Development of new statistical method likely to produce insights into human diseases
Jingyi “Jessica” Li’s UCLA research group, the Junction of Statistics and Biology (JSB), developed a new statistical method, called
AIDE, to recover full-length sequences of messenger RNA (mRNA) molecules from data generated by the second-generation RNA sequencing (RNA-seq) technology, which in the last decade has revolutionized the study of transcriptome — the collection of all mRNA molecules in a biological sample.
Li, a UCLA associate professor of statistics, and colleagues published their new research as the cover story in the December issue of Genome Research, a major international journal of genomics.
Alternative splicing is an important process in molecular biology that is known to play a critical role in many human diseases, and produces more than one mRNA sequences from a single gene; these distinct sequences are referred to as mRNA isoforms. Accurate identification and quantification of mRNA isoform is critical for biomedical researchers to understand disease mechanisms and to discover new biomarkers with the potential for treating diseases, such as breast cancer and melanoma.
Despite continual efforts among bioinformatics researchers to develop isoform discovery methods for second-generation RNA-seq data, accurate isoform discovery in a transcriptome-wide manner remains theoretically and computationally challenging for humans and other complex organisms, and “existing methods have no control on the false positive rate in their predicted isoforms,” Li said. The prevalence of falsely predicted isoforms has greatly hindered the feasibility and inflated the experimental validation costs for biologists to study isoforms from RNA-seq data, she said.
To address this challenge, Wei Vivian Li, a former JSB member and currently an assistant professor of biostatistics and epidemiology at Rutgers University, led the development of AIDE to increase the precision and robustness of isoform discovery. AIDE is the first isoform discovery method that enables the control of false isoform discoveries by employing a statistical testing procedure, which ensures that the discovered isoforms contribute significantly to explaining the observed RNA-seq data, Li said. AIDE is also unique in its selective leverage of knowledge from annotation databases in a data-adaptive manner to assist its isoform discovery.

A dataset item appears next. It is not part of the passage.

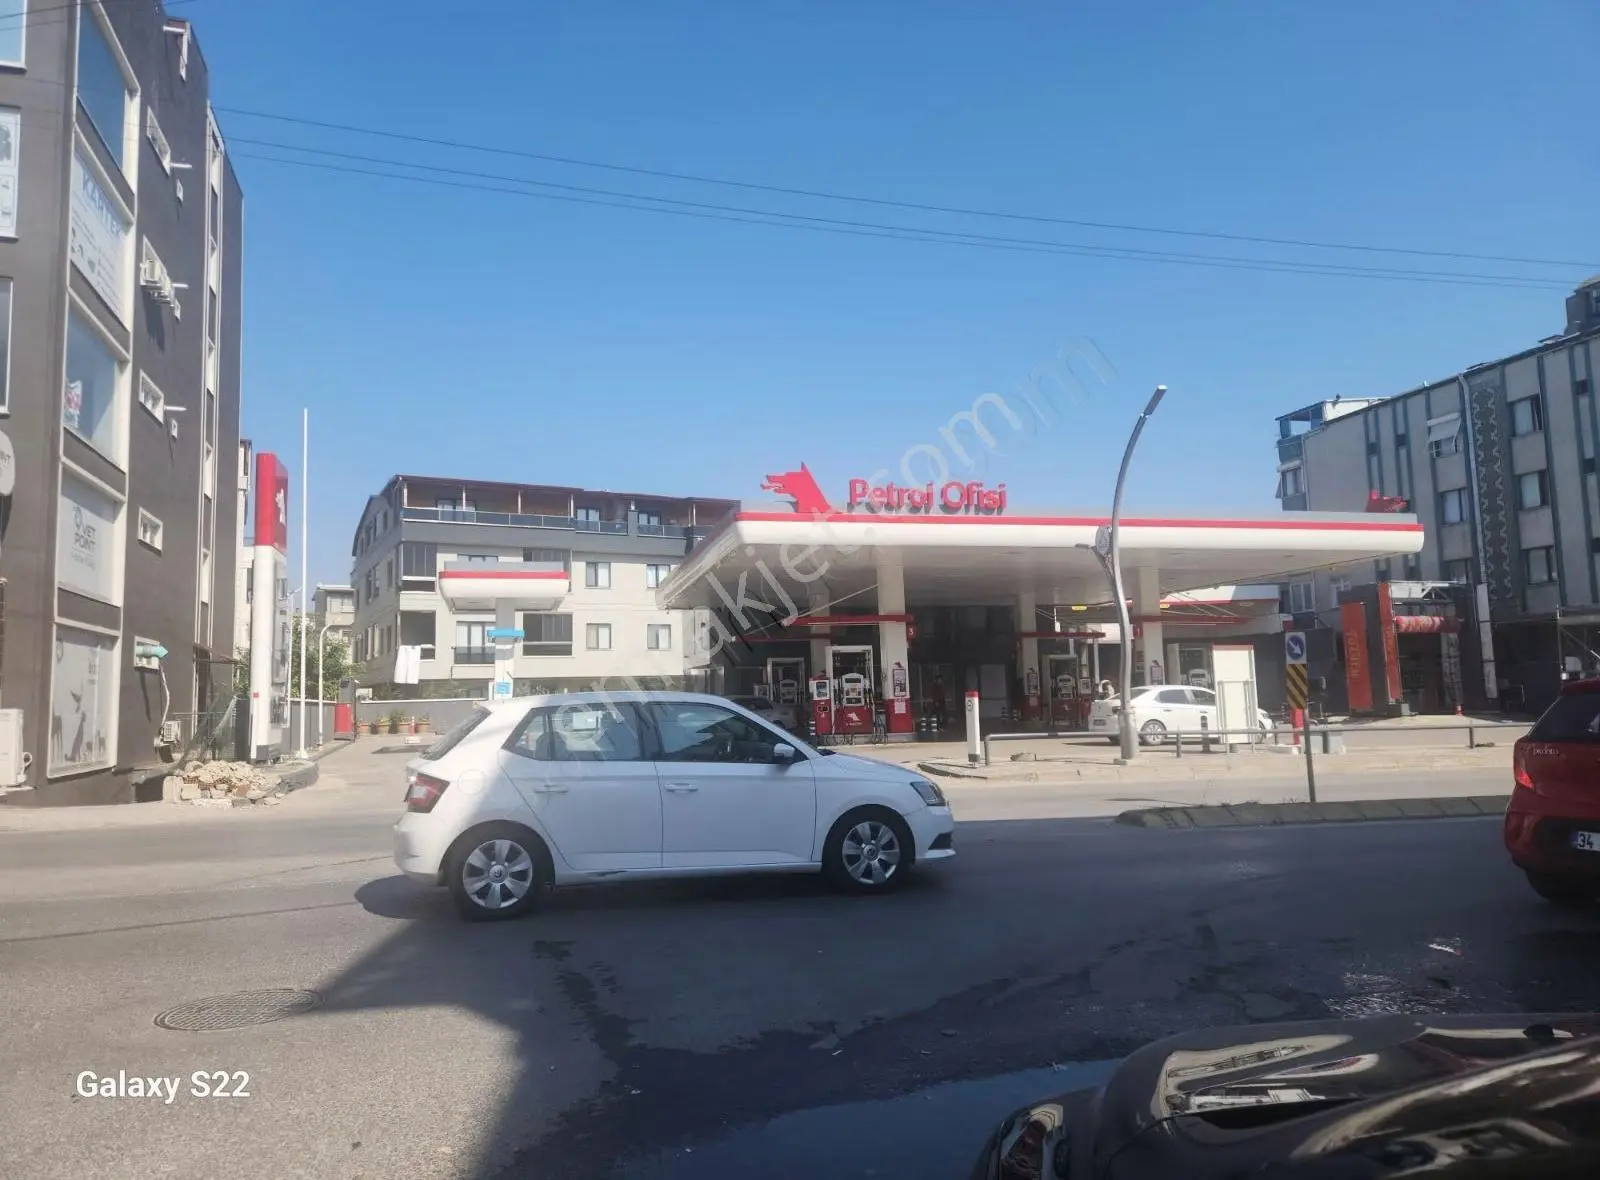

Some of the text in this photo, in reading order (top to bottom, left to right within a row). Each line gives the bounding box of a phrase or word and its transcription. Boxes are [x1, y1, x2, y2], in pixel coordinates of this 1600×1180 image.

“Compared with state-of-the-art methods, AIDE was shown to achieve more precise discoveries of full-length mRNA isoforms, and this advantage will make AIDE a useful tool for biologists to identify novel isoforms from disease samples with high confidence and to save experimental validation costs,” Li said.
The successful development of AIDE is the result of a collaboration with Hubing Shi’s laboratory, which conducted experimental validation and Xin Tong, who contributed to the original idea of the AIDE method.
The software package of AIDE is available at https://github.com/Vivianstats/AIDE.
Here is a description of the journal’s cover art work:
AIDE (the robot) is a robust statistical method that assembles short RNA-seq reads (blocks) into full-length mRNA isoforms (citadels). For this task, AIDE is the first bioinformatics tool that uses statistical testing (the magnifier, representing the p-value) to examine the assembled isoforms to control false discoveries (the citadels that do not pass the test are trashed), thus allowing users to discover novel isoforms with high confidence. AIDE will facilitate transcriptomic studies at the full-length isoform level from abundant second-generation short RNA-seq data. (Cover artwork by Zhongke Magic Color Enterprise, with conceptual input from Wei Vivian Li, Shan Li, Hubing Shi, and Jingyi Jessica Li).
Article by Professor Jingyi Jessica Li and Stuart Wolpert.